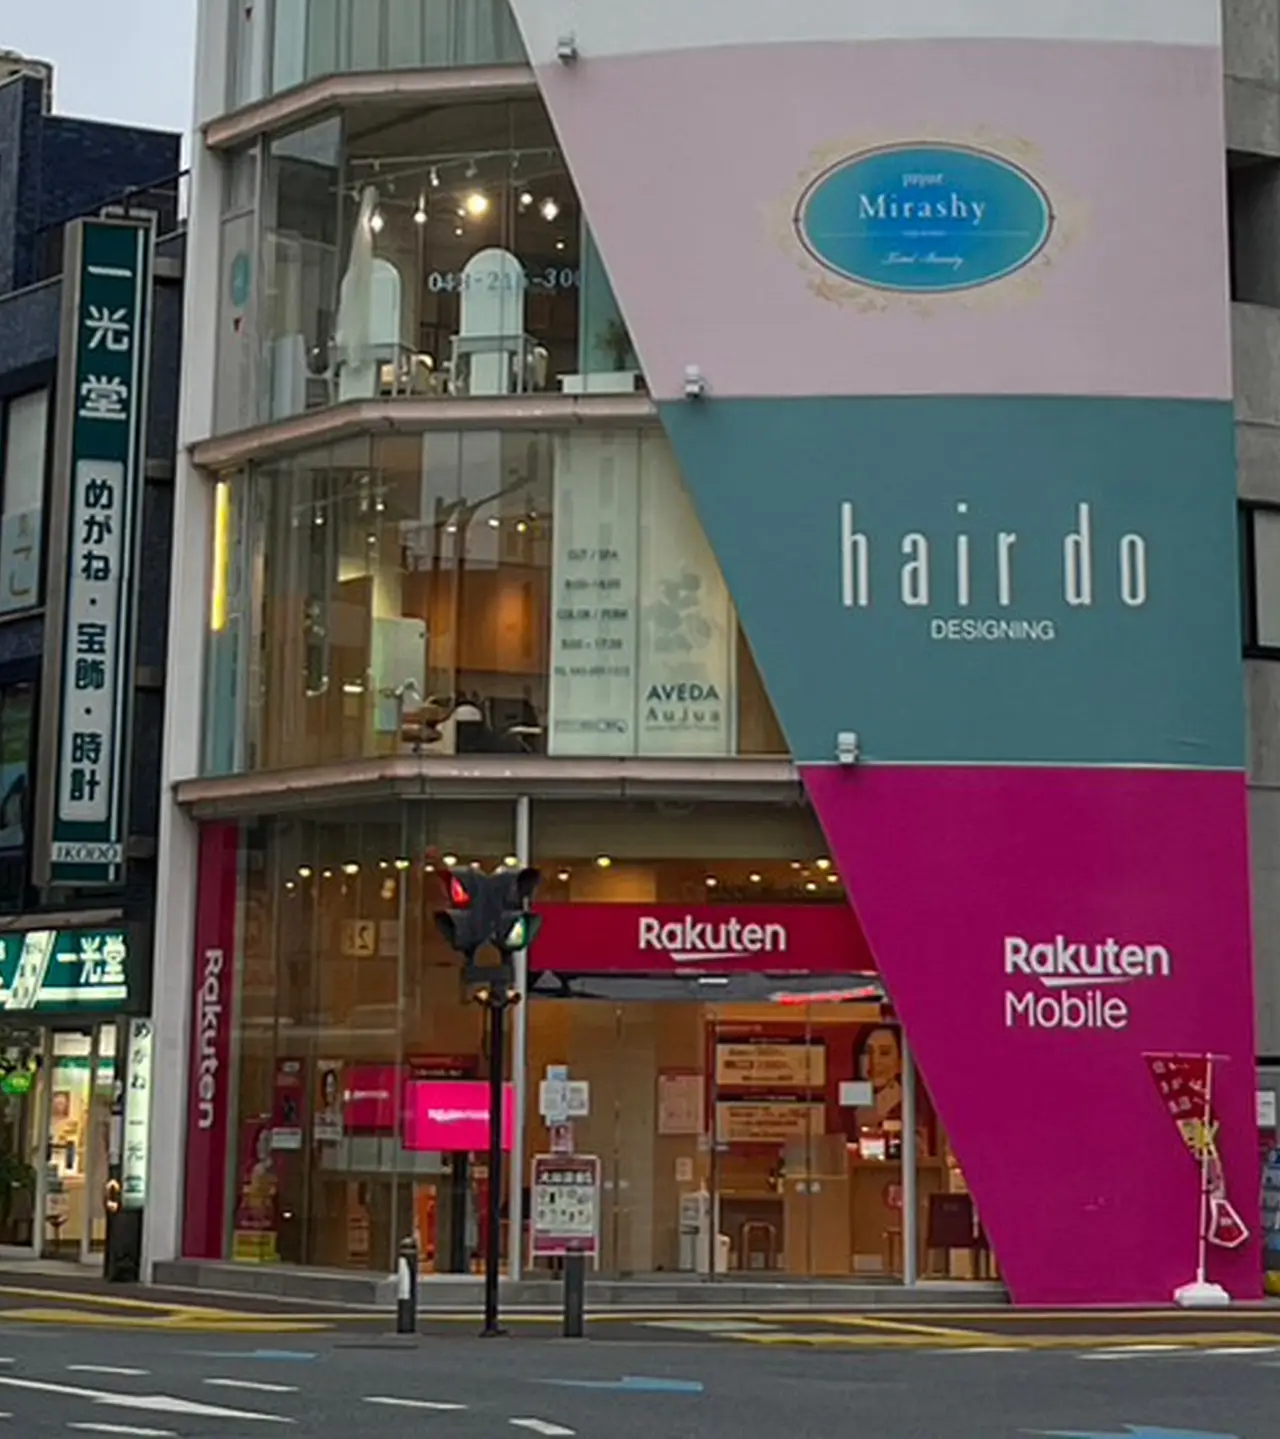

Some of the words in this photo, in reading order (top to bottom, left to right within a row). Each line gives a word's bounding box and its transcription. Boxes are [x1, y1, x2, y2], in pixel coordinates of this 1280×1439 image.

[858, 192, 986, 226] Mirashy
[78, 265, 134, 420] 一光堂
[841, 502, 1017, 607] hair
[1064, 502, 1146, 607] do
[931, 620, 1056, 640] DESIGNING
[646, 683, 720, 702] AVEDA
[638, 916, 787, 956] Rakuten
[57, 934, 126, 984] 一光堂
[1004, 936, 1169, 978] Rakuten
[1004, 990, 1129, 1030] Mobile
[196, 949, 223, 1130] Rakuten

▶ **Exercise prompt**
All the data above is to be transcribed exactly, with no pictures included.

▶ **Solution for this task**
Some of the words in this photo, in reading order (top to bottom, left to right within a row). Each line gives a word's bounding box and its transcription. Boxes are [x1, y1, x2, y2], in pixel coordinates of this 1280×1439 image.

[858, 192, 986, 226] Mirashy
[78, 265, 134, 420] 一光堂
[841, 502, 1017, 607] hair
[1064, 502, 1146, 607] do
[931, 620, 1056, 640] DESIGNING
[646, 683, 720, 702] AVEDA
[638, 916, 787, 956] Rakuten
[57, 934, 126, 984] 一光堂
[1004, 936, 1169, 978] Rakuten
[1004, 990, 1129, 1030] Mobile
[196, 949, 223, 1130] Rakuten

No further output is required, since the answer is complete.